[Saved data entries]
———
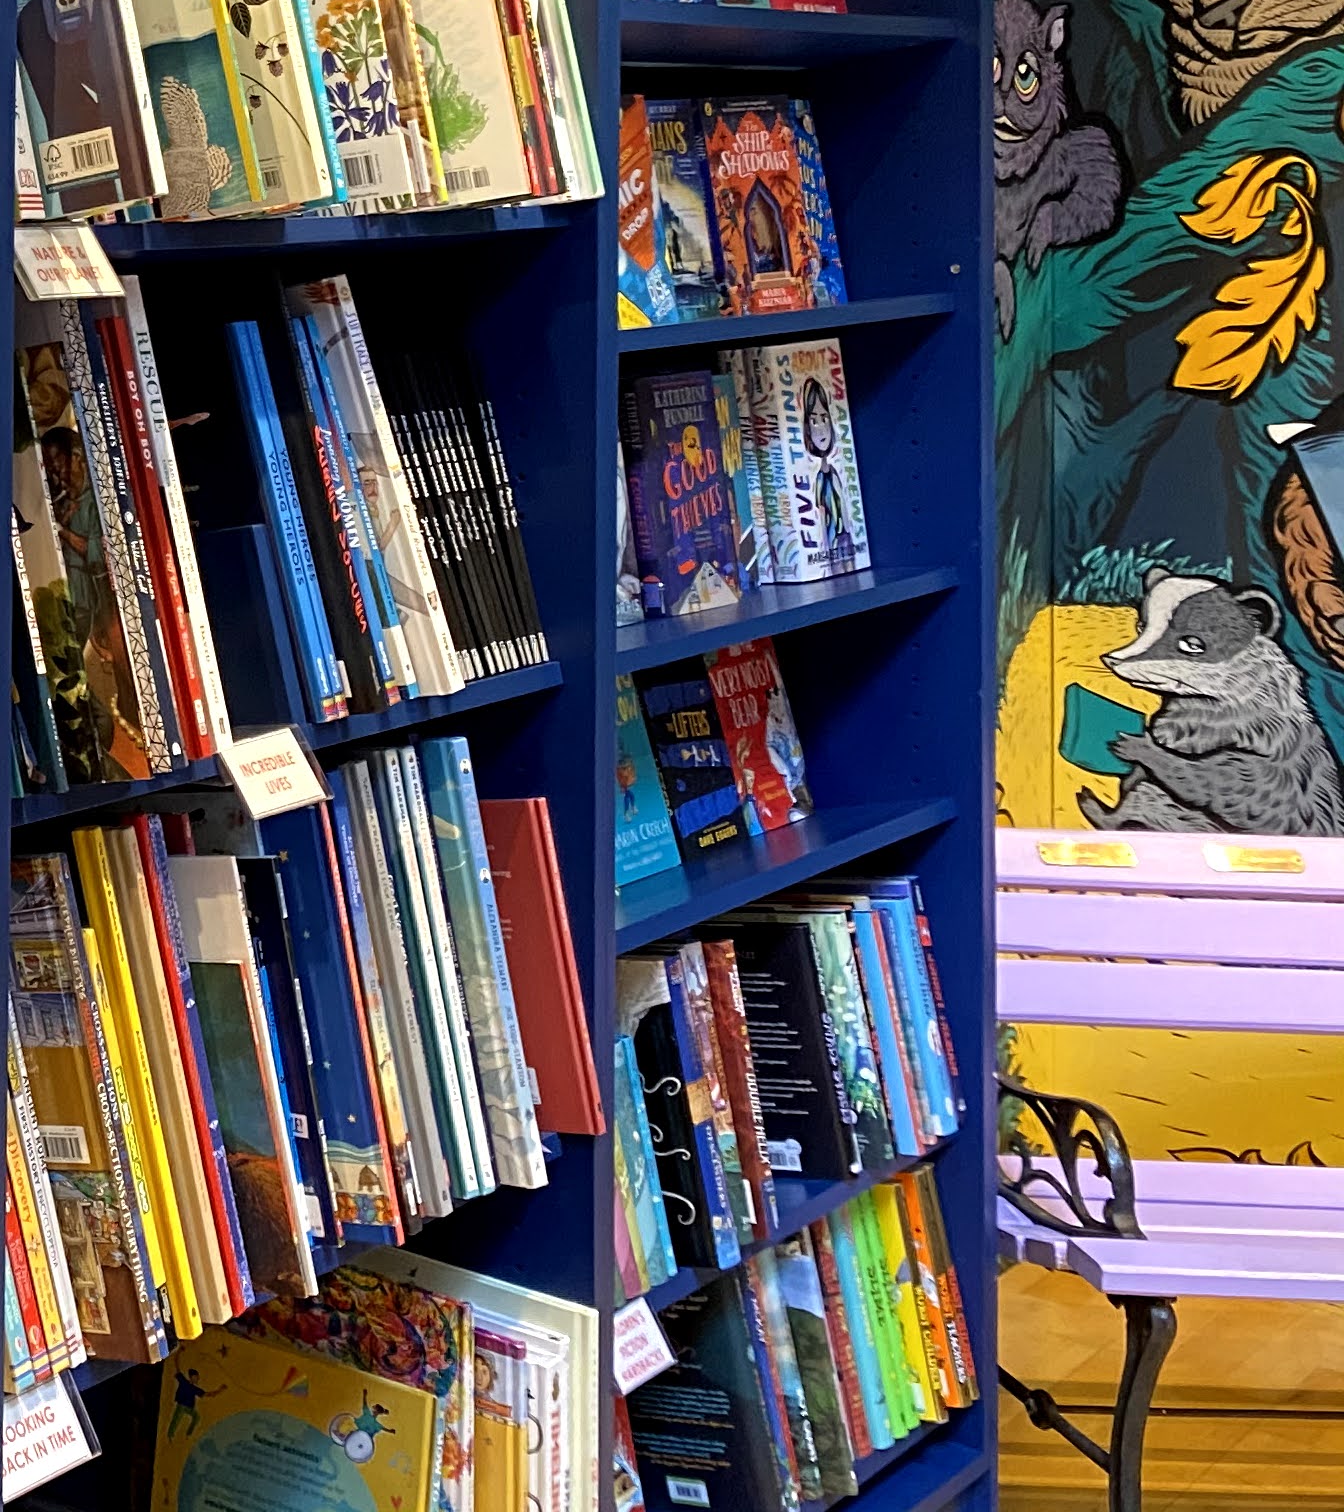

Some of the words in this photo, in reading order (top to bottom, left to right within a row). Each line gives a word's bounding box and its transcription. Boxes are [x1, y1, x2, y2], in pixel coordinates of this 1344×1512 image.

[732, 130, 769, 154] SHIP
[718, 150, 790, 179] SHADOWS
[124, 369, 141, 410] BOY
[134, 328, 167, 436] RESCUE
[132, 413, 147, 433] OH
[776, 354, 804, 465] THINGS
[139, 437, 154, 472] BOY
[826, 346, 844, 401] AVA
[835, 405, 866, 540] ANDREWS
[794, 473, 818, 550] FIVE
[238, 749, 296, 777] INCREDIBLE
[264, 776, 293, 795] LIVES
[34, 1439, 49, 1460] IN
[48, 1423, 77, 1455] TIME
———
__GOAL OF THE EXERCISE__: Each line above must be repeated exactly in the answer, with pictures omitted.

__RESPONSE__:
Some of the words in this photo, in reading order (top to bottom, left to right within a row). Each line gives a word's bounding box and its transcription. Boxes are [x1, y1, x2, y2], in pixel coordinates of this 1344×1512 image.

[732, 130, 769, 154] SHIP
[718, 150, 790, 179] SHADOWS
[124, 369, 141, 410] BOY
[134, 328, 167, 436] RESCUE
[132, 413, 147, 433] OH
[776, 354, 804, 465] THINGS
[139, 437, 154, 472] BOY
[826, 346, 844, 401] AVA
[835, 405, 866, 540] ANDREWS
[794, 473, 818, 550] FIVE
[238, 749, 296, 777] INCREDIBLE
[264, 776, 293, 795] LIVES
[34, 1439, 49, 1460] IN
[48, 1423, 77, 1455] TIME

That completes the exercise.